Vida e família: de Erechim para a capital do país

Aldo Paviani nasceu em 10 de janeiro de 1934. Caçula de Narcisio Paviani e Adelaide Paviani, ele se habituou a mudar de casa sempre. Três irmãs dele morreram, e o irmão tem 91 anos. Sempre mantém contato com a família que está espalhada pelo país. “Os laços familiares são uma coisa importante na vida das pessoas. Sempre me perguntam por que eu não volto para o Sul, principalmente depois que minha esposa faleceu, há sete anos, pela doença de Parkinson. A resposta é simples: eu criei raízes aqui em Brasília. Adotamos três irmãs mineiras, uma mora no Rio e é professora da PUC do Rio de Janeiro, e as outras duas moram comigo. A mais velha se aposentou como professora da Secretaria de Educação; a mais nova não quis seguir a carreira e, hoje, cuida de mim”, relata.

A relação com as filhas Maria Lúcia Nunes Rodrigues, 56, Cilene Nunes Rodrigues, 50, e Maria Silvia Nunes Rodrigues, 46, é de carinho, união e gratidão. As três vieram de uma infância sofrida, de uma família de sete irmãos. Tiveram de trabalhar para ter condições de comprar o material escolar para estudar. “Comecei a trabalhar na casa dos outros quando eu tinha 7 anos. Quando completei 9, minha irmã Lúcia foi para Brasília trabalhar como doméstica, na casa de uma família no Setor O, em Ceilândia. Eles tiveram mais um filho e queriam contratar outra pessoa para ser babá das crianças. Eu vim para Brasília com 9 anos”, conta Cilene.

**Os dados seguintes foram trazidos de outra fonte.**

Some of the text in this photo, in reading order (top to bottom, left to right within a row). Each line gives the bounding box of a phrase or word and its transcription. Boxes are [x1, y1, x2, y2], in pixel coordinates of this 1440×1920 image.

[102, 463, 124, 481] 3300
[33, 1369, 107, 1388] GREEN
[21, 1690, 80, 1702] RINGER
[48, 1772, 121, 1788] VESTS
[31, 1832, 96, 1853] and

No entanto, quando Maria Lúcia completou 15 anos, a família decidiu dispensá-la e ficar só com Cilene, que cuidava da casa e dos filhos dos patrões. Sem renda para se sustentar, Maria Lúcia viu um anúncio no jornal para trabalhar na casa de Aldo Paviani e Therezinha Isaia Paviani. A partir daí, a vida dela mudou. Os dois professores universitários, apaixonados pelo que faziam, incentivaram-na no campo dos estudos.

Depois, o casal conheceu Cilene, viu o potencial da jovem e também a adotou, a fim de garantir a ela o acesso à educação. “Comecei outra vida, em outra dimensão. Eu nunca tinha pisado em uma universidade quando fui a evento no laboratório de minha mãe, na UnB. Eu me encantei e tive a certeza de que queria entrar na universidade. Meus pais falaram: ‘Mas você tem de se matar de estudar’. E eu respondi: ‘Mas eu quero ir para lá amanhã’”, relata Cilene.

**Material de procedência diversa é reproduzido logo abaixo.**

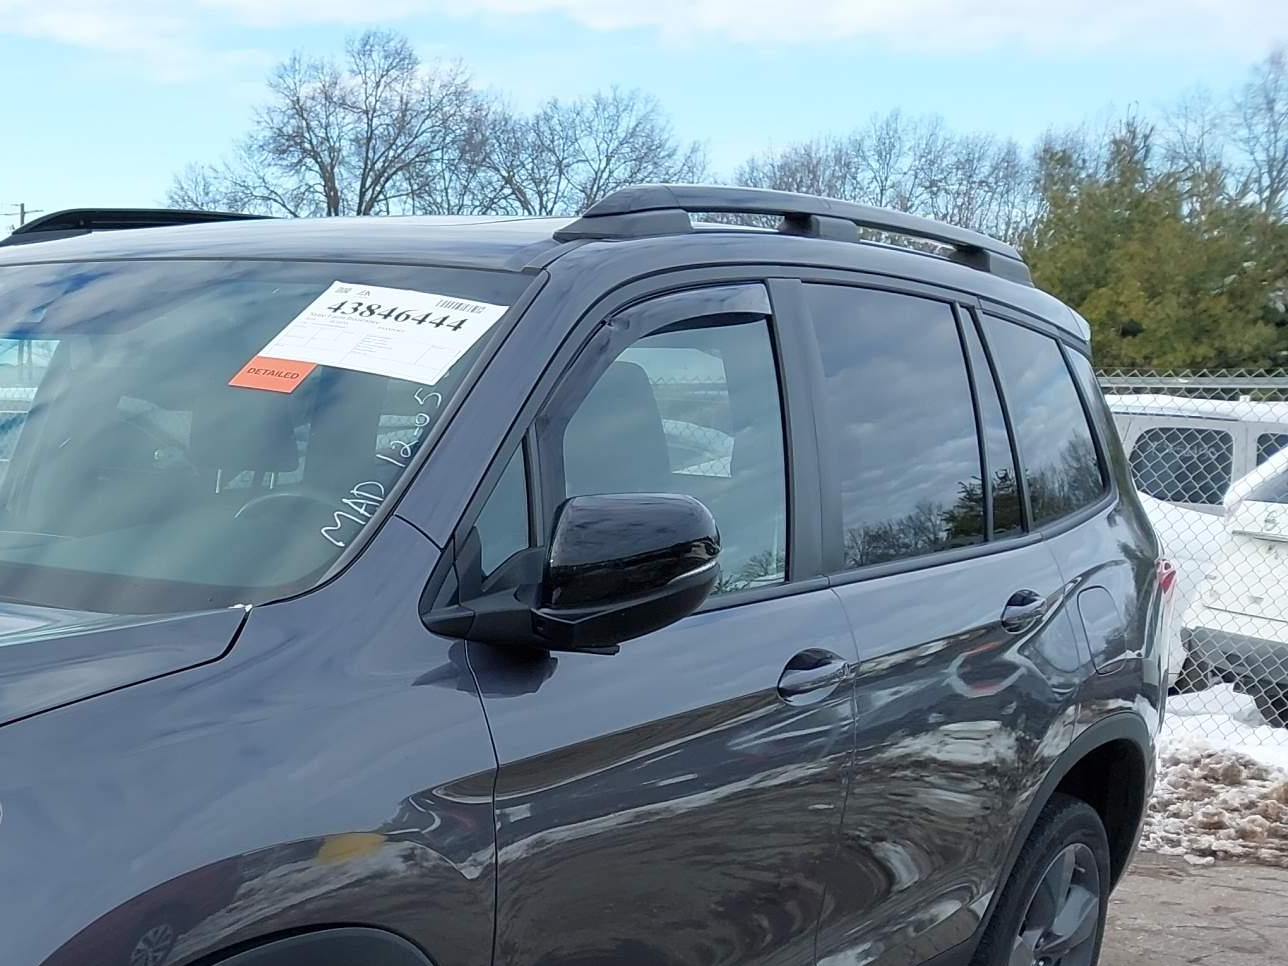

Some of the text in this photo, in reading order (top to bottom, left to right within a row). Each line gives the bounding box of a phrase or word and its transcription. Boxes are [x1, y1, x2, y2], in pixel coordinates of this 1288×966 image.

[327, 300, 468, 332] 43846444
[246, 366, 300, 381] DETAILED
[320, 479, 386, 547] MAD
[374, 386, 443, 468] 12-05

Inspirada pela figura de Aldo e Therezinha, ela estudou. Entrou para a UnB, fez mestrado e, anos depois, passou para um doutorado nos Estados Unidos. No entanto, precisou lidar com uma difícil decisão: “No dia em que fui para o aeroporto (para embarcar para os EUA), eu não quis ir mais. Não queria deixar o pai e a mãe. Ela estava muito doente. Como poderia deixá-los sozinhos?”, recorda-se.

Pouco depois, Maria Silvia — irmã mais nova de Maria Lúcia e Cilene — entrou na vida do casal, para cuidar de Therezinha, que estava bastante debilitada pelo Parkinson. A caçula também ingressou na universidade, no curso de geografia, e, atualmente, cuida de Aldo.

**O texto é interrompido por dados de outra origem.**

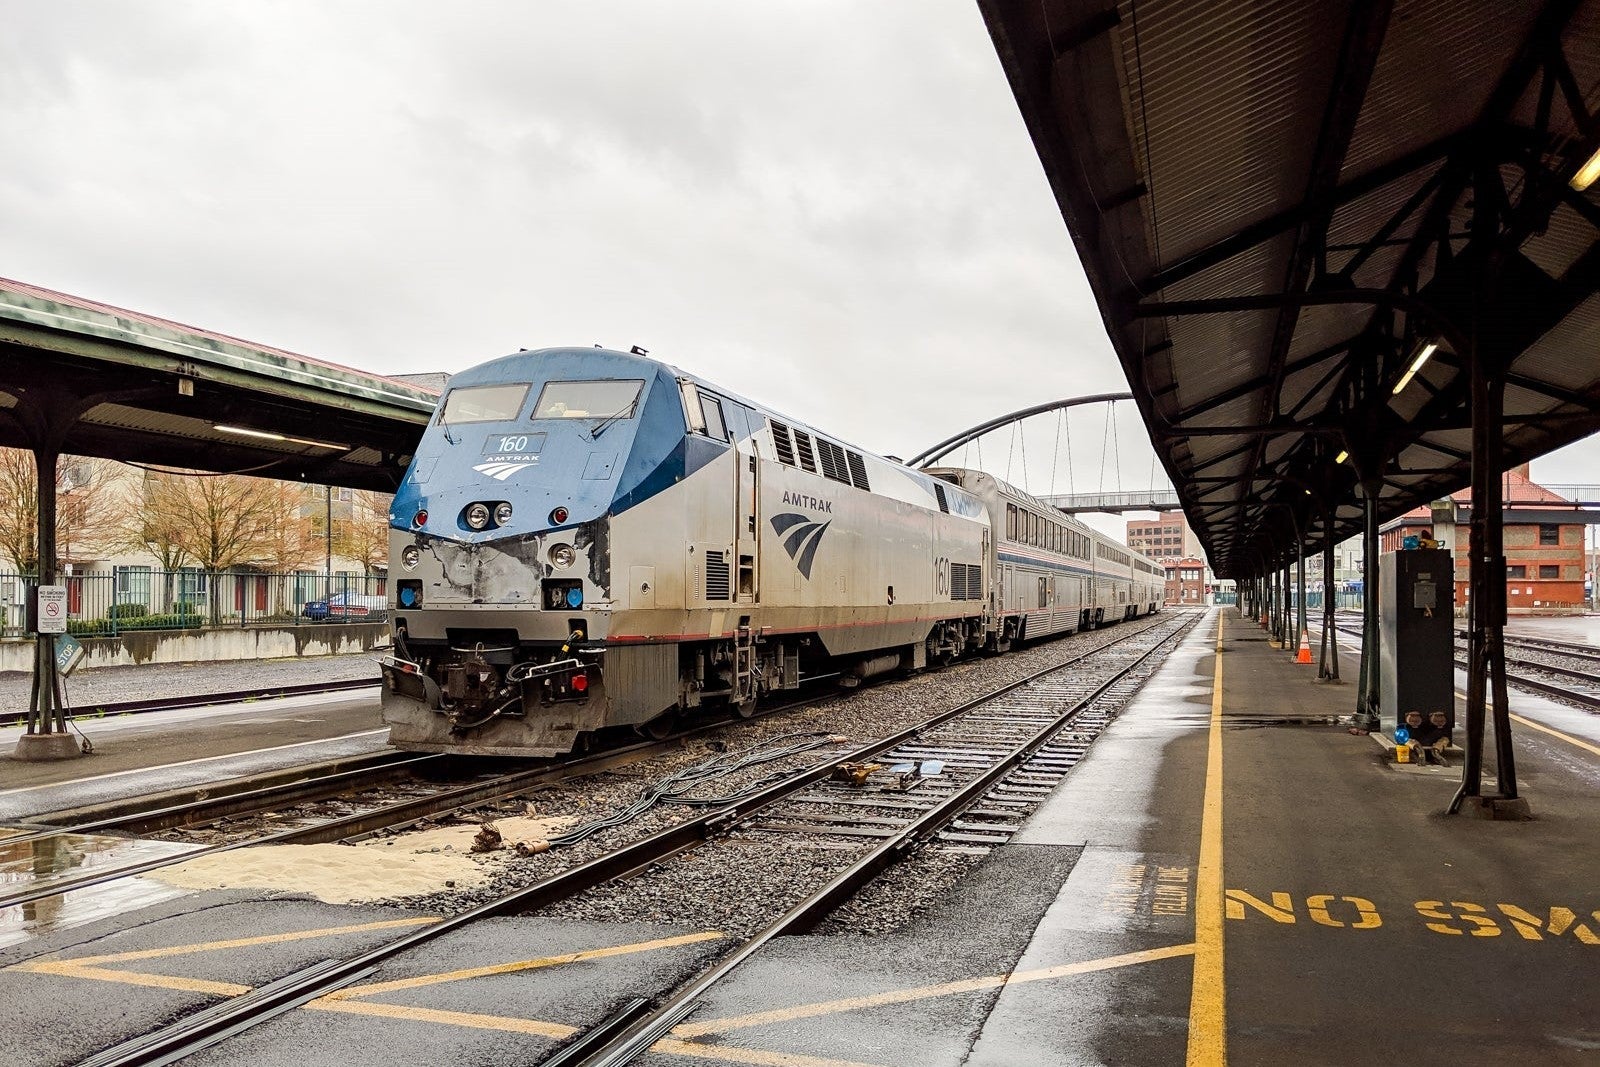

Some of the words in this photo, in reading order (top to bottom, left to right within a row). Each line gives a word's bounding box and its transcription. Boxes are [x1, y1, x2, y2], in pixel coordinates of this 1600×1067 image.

[498, 436, 528, 452] 160
[782, 490, 832, 514] AMTRAK
[934, 556, 950, 596] 160
[56, 644, 74, 666] STOP
[1158, 866, 1189, 883] LINE
[1152, 884, 1188, 915] YELLOW
[1225, 889, 1383, 929] NO

Recentemente, as três irmãs entraram com um pedido na Justiça para ter os sobrenomes Isaia e Paviani nos documentos de identificação delas. O pedido foi aceito e, agora, elas aguardam os trâmites legais para oficializar os registros.

Algumas obras de Paviani

Brasília, ideologia e realidade (1985)

Urbanização e metropolização — A gestão dos conflitos em Brasília (1987)

Brasília: a metrópole em crise (1989)

Brasília: a conquista da cidade (1991)

Brasília: moradia e exclusão (1996)

Brasília — Gestão urbana: Conflitos e cidadania (1999)

Coletânea Brasília controvérsias ambientais (2003)

Brasília: Dimensões da violência urbana (2005)

Brasília 50 anos: da capital à metrópole (2010)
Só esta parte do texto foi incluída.